Different Sin
Page 22
David gripped his glasses, his gaze riveted to the small portion of the battle he could see, his breath catching in his throat. Those soldiers who still stood were flinging themselves to the ground, their attempt to assault the Confederate lines ended. Less than half an hour had passed since the order to advance.
Seven thousand blue-clad men, wounded or dead, lay on the field between the Union and Confederate lines. Union soldiers obeyed orders to entrench where they lay, digging in along the thwarted lines of attack. Heavy firing continued, making any attempt to rescue the wounded a suicidal mission.
The cries and pleas of wounded men, sprawled among five acres of corpses, carried past the lines, resounding through the night.
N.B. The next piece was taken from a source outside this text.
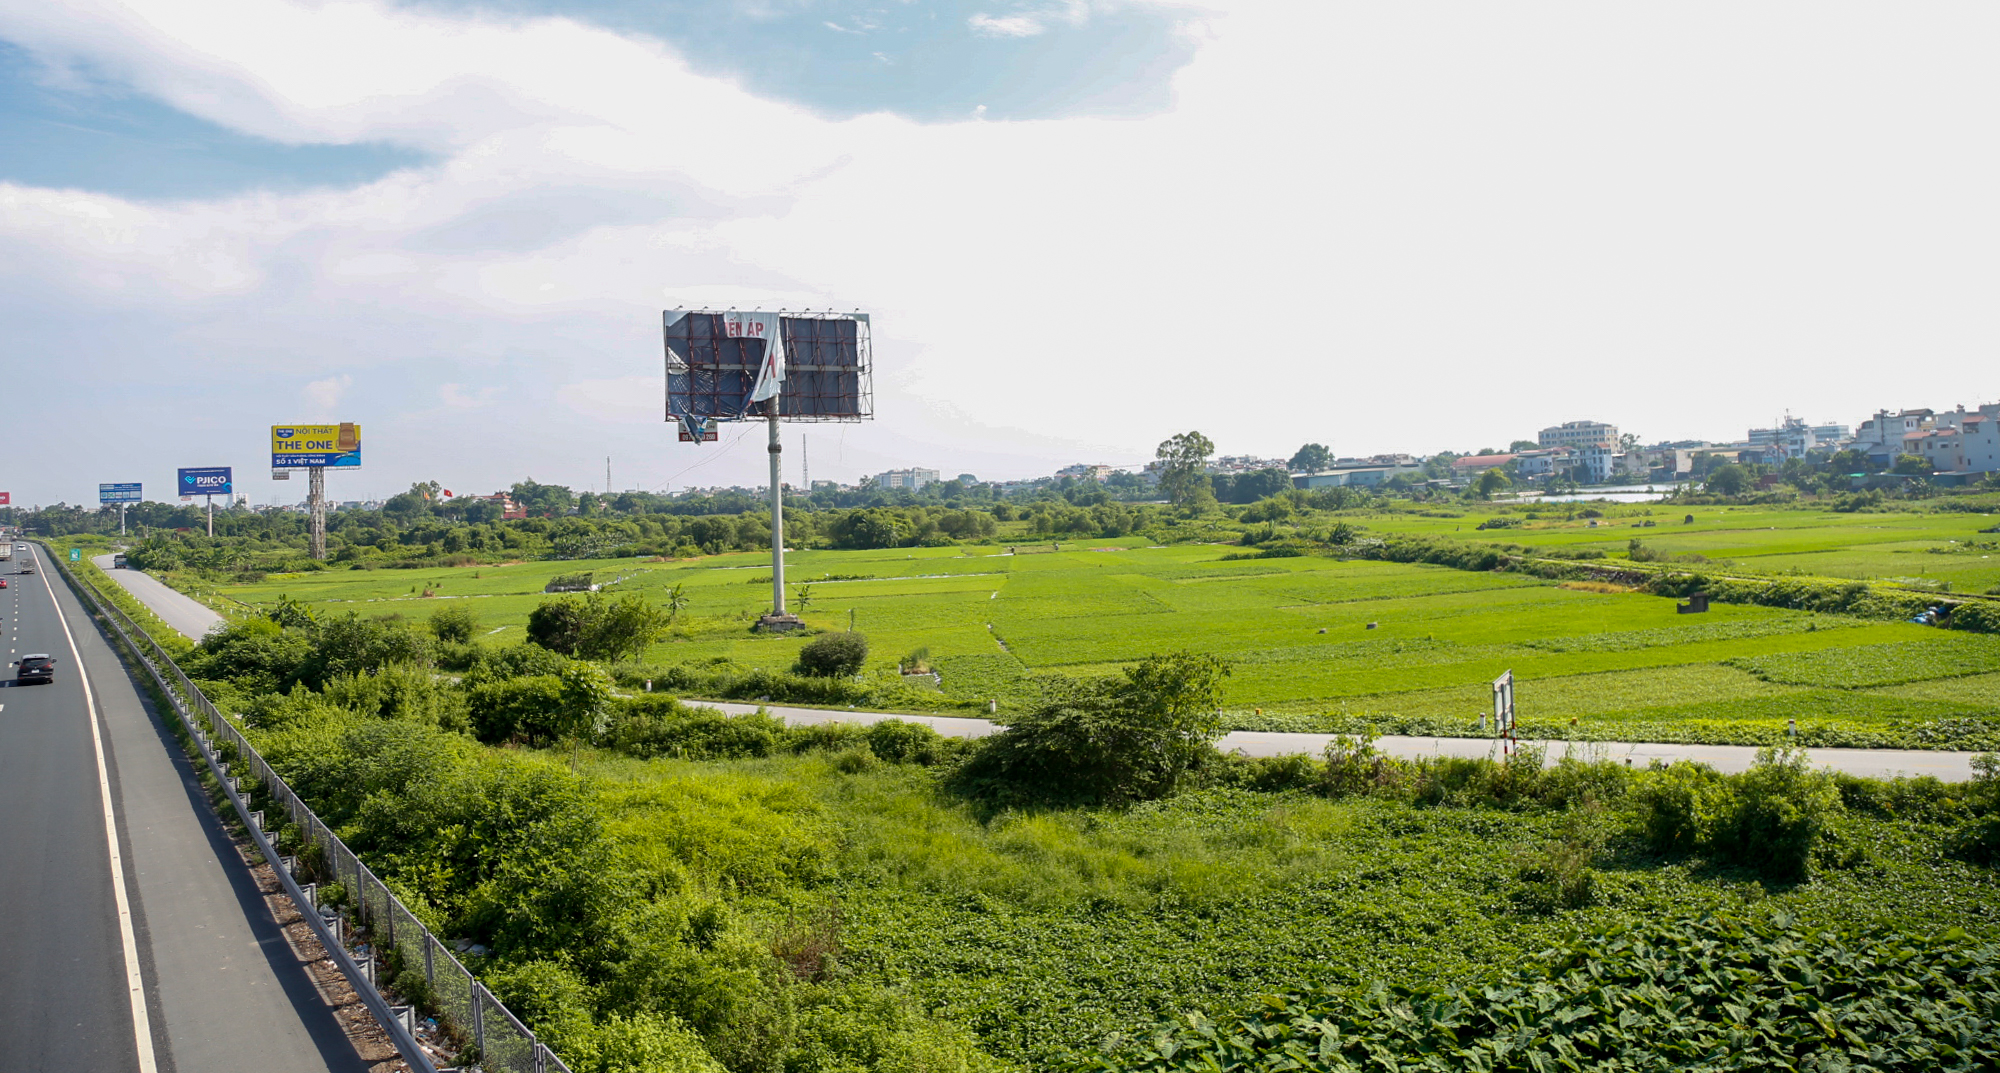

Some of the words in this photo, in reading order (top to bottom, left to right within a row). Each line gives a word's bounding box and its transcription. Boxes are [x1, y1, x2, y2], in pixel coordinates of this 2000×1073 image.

Grant declined to request a temporary truce. David shuddered in horror, trying not to imagine the torment of men trapped out on that field without help, without food or water. “Why in hell won’t he ask for a few hours to get them out of there?” he demanded.
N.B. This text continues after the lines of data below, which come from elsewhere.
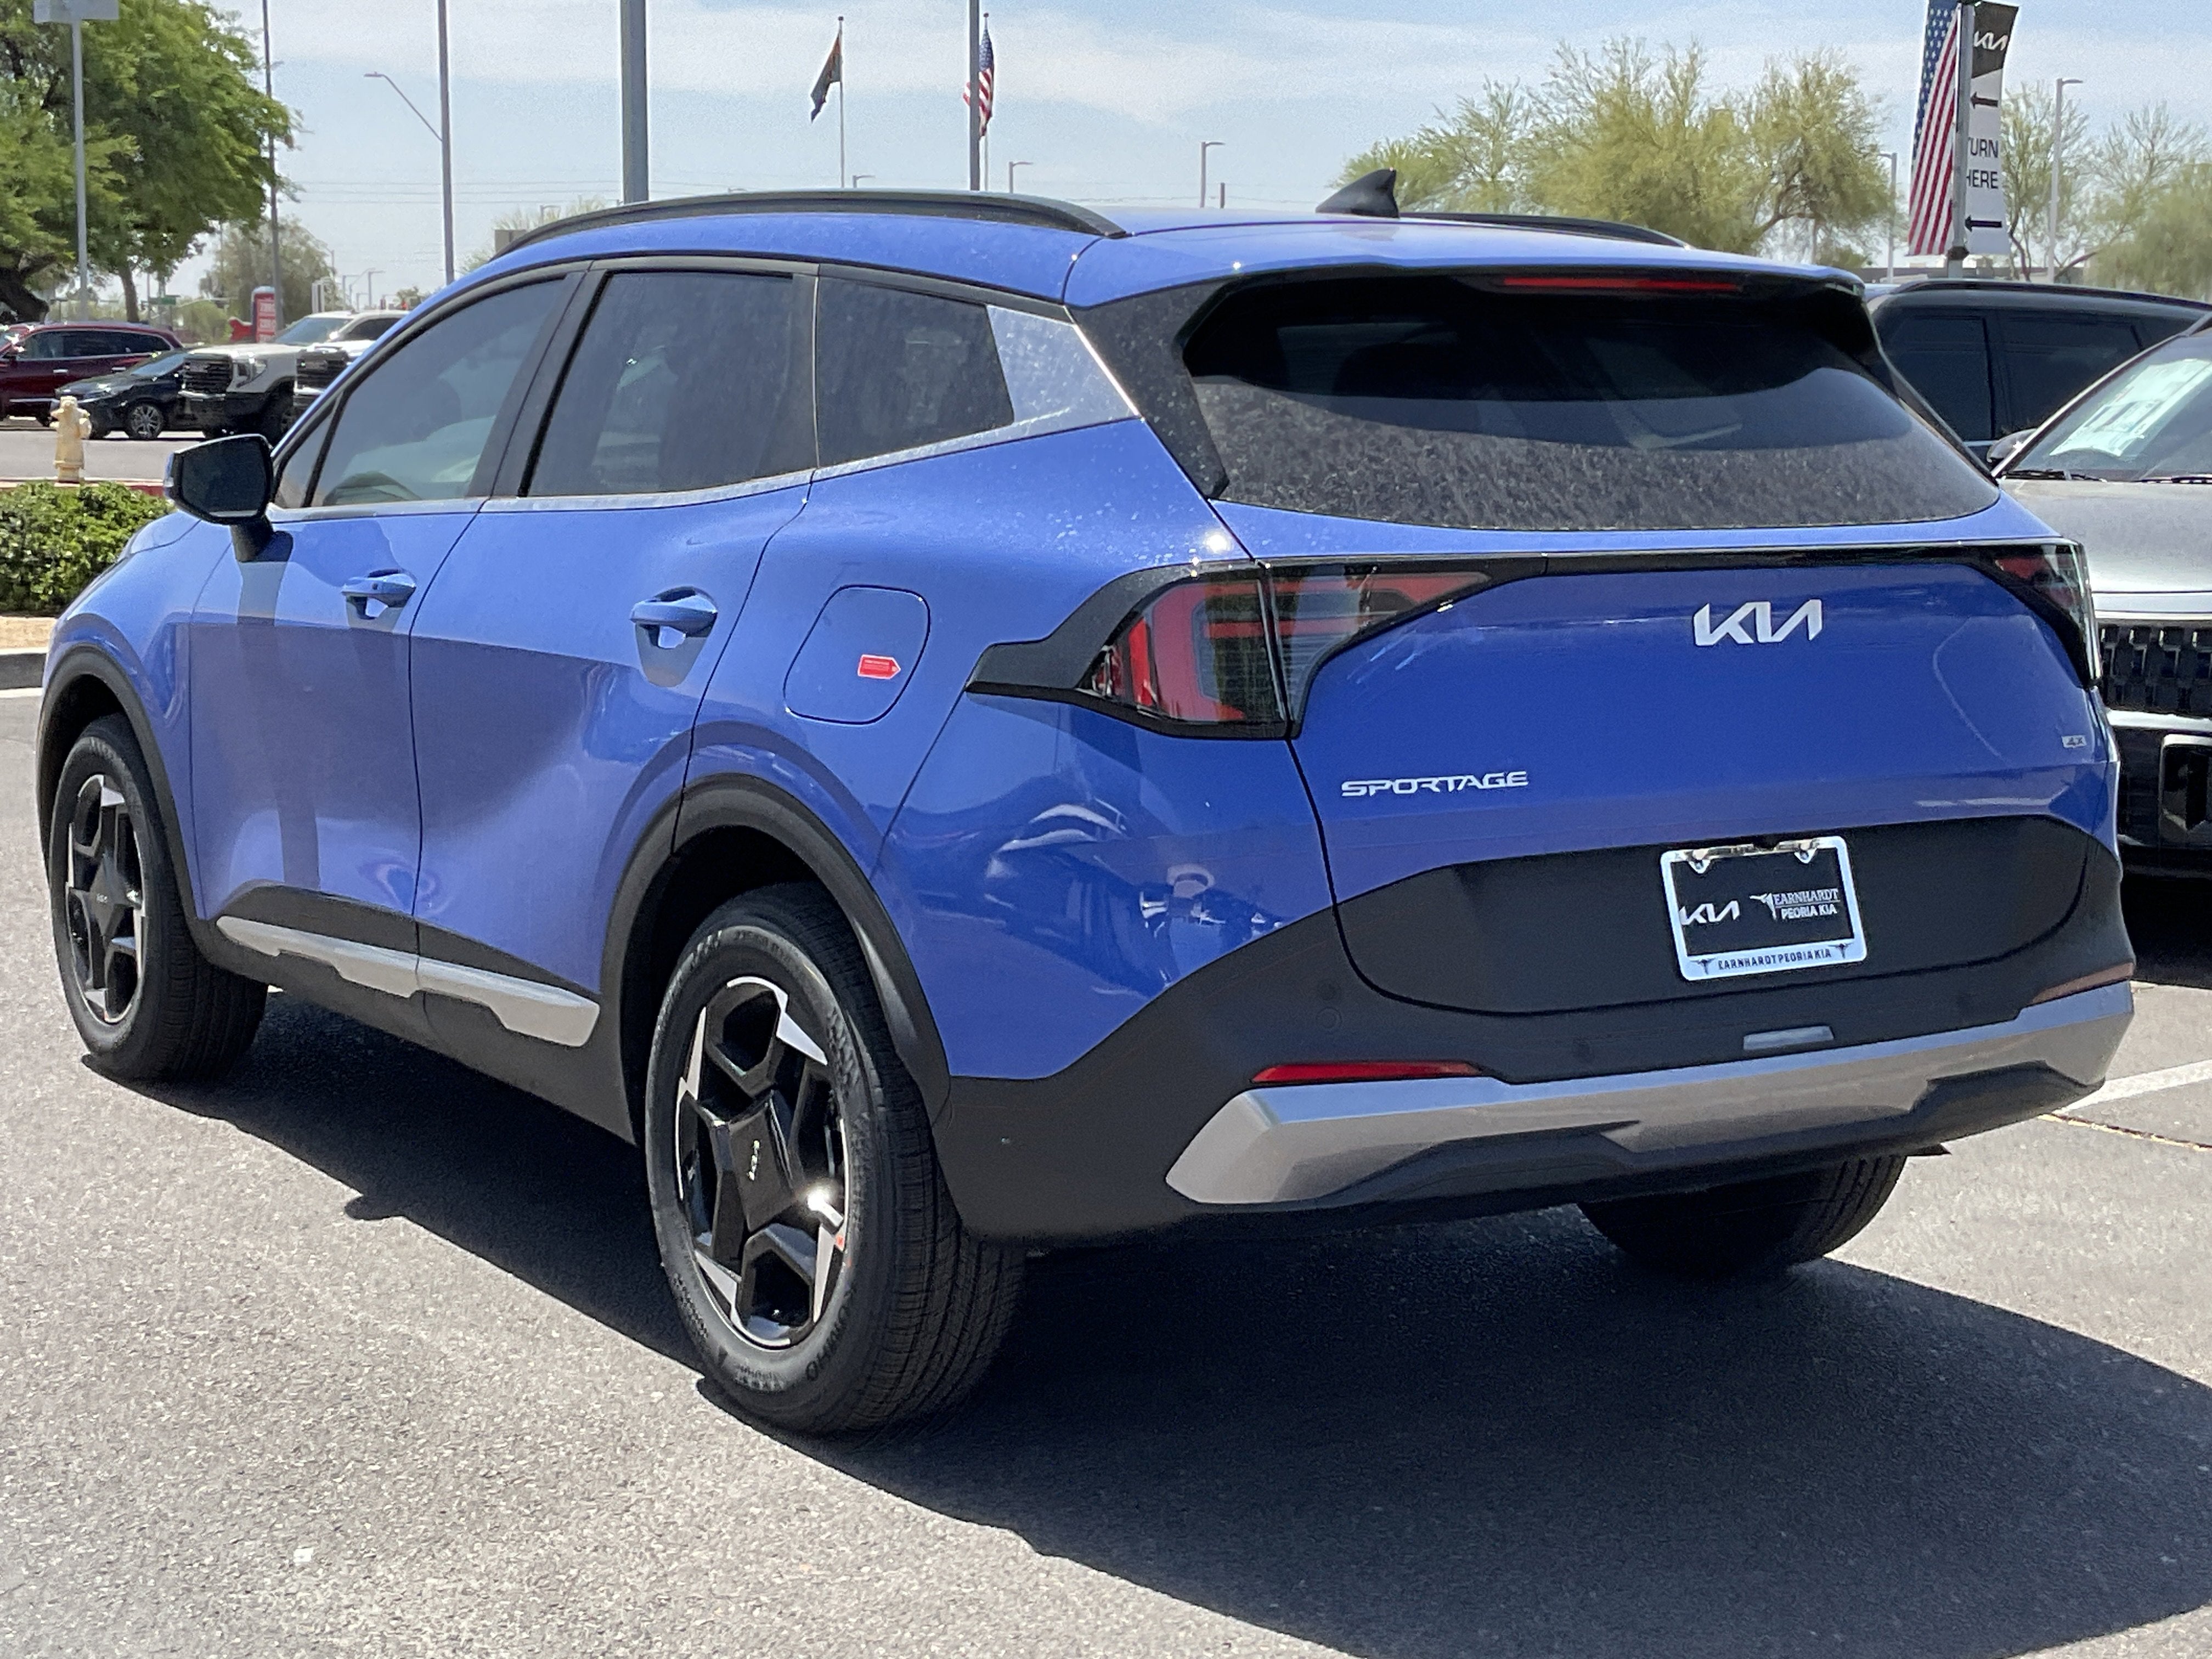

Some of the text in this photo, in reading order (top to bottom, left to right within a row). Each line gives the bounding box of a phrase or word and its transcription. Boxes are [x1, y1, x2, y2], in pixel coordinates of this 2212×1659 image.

[1974, 31, 2008, 50] KIA
[1693, 599, 1822, 646] KIA
[1341, 770, 1529, 797] SPORTAGE
[1773, 888, 1838, 906] EARNHARDT
[1679, 900, 1740, 926] KIA
[1781, 903, 1838, 919] PEORIA KIA
For once, the circle of reporters was silent, “I daresay he’d consider it an admission of defeat,” Waud said finally, his face set.
By the third day, the cries of the wounded had died away. The nauseating stench of unburied bodies drifted over the camp. A six-hour truce to bury the dead and rescue the wounded was at last arranged.
David stood, simultaneously drawn and repelled, watching the work detail head to the field. Hell, he told himself, Leslie’s not going to want pictures of Union dead. But he could be of some use if any of the wounded were still alive, at the least offer a drink of water. He could be man enough for that. He filled his canteen and Al’s, thankful that for once she had the sense to shrink back from horror, and walked doggedly out past the Union entrenchments.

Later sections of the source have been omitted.